It's fitting that after he left the White House, Bill Clinton moved his office to 125th Street in Harlem--the most famous black district in the country--for African Americans have consistently been the most supportive segment of his constituency. Even during his impeachment and other difficult times, blacks stood with him; on better days, Clinton's approval rating among black Americans was often higher than that of Jesse Jackson. In Bill Clinton and Black America
, USA Today
reporter DeWayne Wickham conducts a series of interviews with African American politicians, pundits, journalists, activists, entertainers, and educators to explore Clinton's "special bond with blacks" as both governor and president. As these interviews make clear, their love and support goes well beyond mere allegiance to the Democratic Party; in many ways the African American community sees Clinton as one of them. Several of those interviewed even refer to him as the "black president" because he was so receptive to their needs and because he worked to include them in the political process more than any other president.
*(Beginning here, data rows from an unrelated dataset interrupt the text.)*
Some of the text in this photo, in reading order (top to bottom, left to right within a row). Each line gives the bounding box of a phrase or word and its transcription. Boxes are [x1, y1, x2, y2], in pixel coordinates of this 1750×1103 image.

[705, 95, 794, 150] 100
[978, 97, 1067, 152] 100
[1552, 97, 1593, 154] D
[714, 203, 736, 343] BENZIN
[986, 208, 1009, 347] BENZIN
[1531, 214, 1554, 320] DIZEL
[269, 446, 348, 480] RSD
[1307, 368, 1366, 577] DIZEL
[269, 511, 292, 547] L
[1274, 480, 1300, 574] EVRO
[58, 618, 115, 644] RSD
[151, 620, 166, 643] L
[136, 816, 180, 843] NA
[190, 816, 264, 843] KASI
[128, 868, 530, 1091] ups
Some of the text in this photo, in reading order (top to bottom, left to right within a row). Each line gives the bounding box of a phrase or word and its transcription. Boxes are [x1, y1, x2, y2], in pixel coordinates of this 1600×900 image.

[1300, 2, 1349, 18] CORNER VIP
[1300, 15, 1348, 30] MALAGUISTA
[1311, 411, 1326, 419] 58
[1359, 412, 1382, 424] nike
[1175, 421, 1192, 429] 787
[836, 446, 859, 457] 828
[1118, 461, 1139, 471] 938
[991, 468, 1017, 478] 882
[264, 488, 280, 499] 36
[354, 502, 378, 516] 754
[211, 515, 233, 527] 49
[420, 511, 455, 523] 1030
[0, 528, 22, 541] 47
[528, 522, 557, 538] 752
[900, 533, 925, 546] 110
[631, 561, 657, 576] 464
Reasons cited here for Clinton's popularity among blacks include his poor Southern upbringing and underdog status, the fact that he appointed more blacks to his cabinet and other federal posts than any other president, and good timing (he came into office after three consecutive Republican administrations). But perhaps the biggest factor discussed is the genuine ease with which Clinton relates to black Americans. Blacks trust him to consider their perspective and do not view him as just another white politician who appears only during election years. This is not to say that Clinton always did their bidding; he often disappointed them. But they also shared common enemies and a common outlook that brought them together. He may not be their president any longer, but a majority of blacks still see him as a friend--and now, a neighbor. --Shawn Carkonen
From Publishers Weekly
The first black president: "single-parent household, born poor, working-class, saxophone playing, McDonald's-and-junk-food-loving boy from Arkansas" was how Nobel Prize-winner Toni Morrison described Bill Clinton. And, indeed, Clinton enjoyed his highest rating with blacks even when his popularity was at its lowest. This collection of short pieces and interviews with Clinton, edited by USA Today columnist Wickham (Woodholme: A Black Man's Story of Growing up Alone), gathers a wide variety of black professionals, politicians and intellectuals addressing the myriad issues on which African-Americans engaged with the president. Terry Edmonds (Clinton's director of speech writing) captures the heart of this relationship in his statement, "for Clinton, black America was never an afterthought." Harvard Medical School psychiatrist Alvin Poussaint was troubled by Clinton's attack on Sister Souljah "for being anti-white," but was still won over by the president's appointments of black judges, cabinet and subcabinet members, and by his attendance at black churches and singing of hymns. The collection is at its best when it mixes personal anecdotes (law professor Mary Frances Berry telling Clinton jokes during a Black History Month dinner) with substantive analysis, as when William H. Gray III of the United Negro College Fund reports on helping Clinton revise his disastrous Haitian refugees policy. While a great deal of the material here states the obvious (actor/producer Tim Reid's statement that "he's given the black people something that no one has given them at this point: hope"), what comes through again and again is the manner in which his black constituency felt well represented by Clinton. (Feb.)Forecast: Clinton's current Harlem base of operations is just one more gesture of solidarity with the African-American community. But with the former president's political role in flux, this book's main audience will be those wanting a walk through the 1990s' White House domestic policy making as well as the African-Americans and many others with cases of Clinton nostalgia.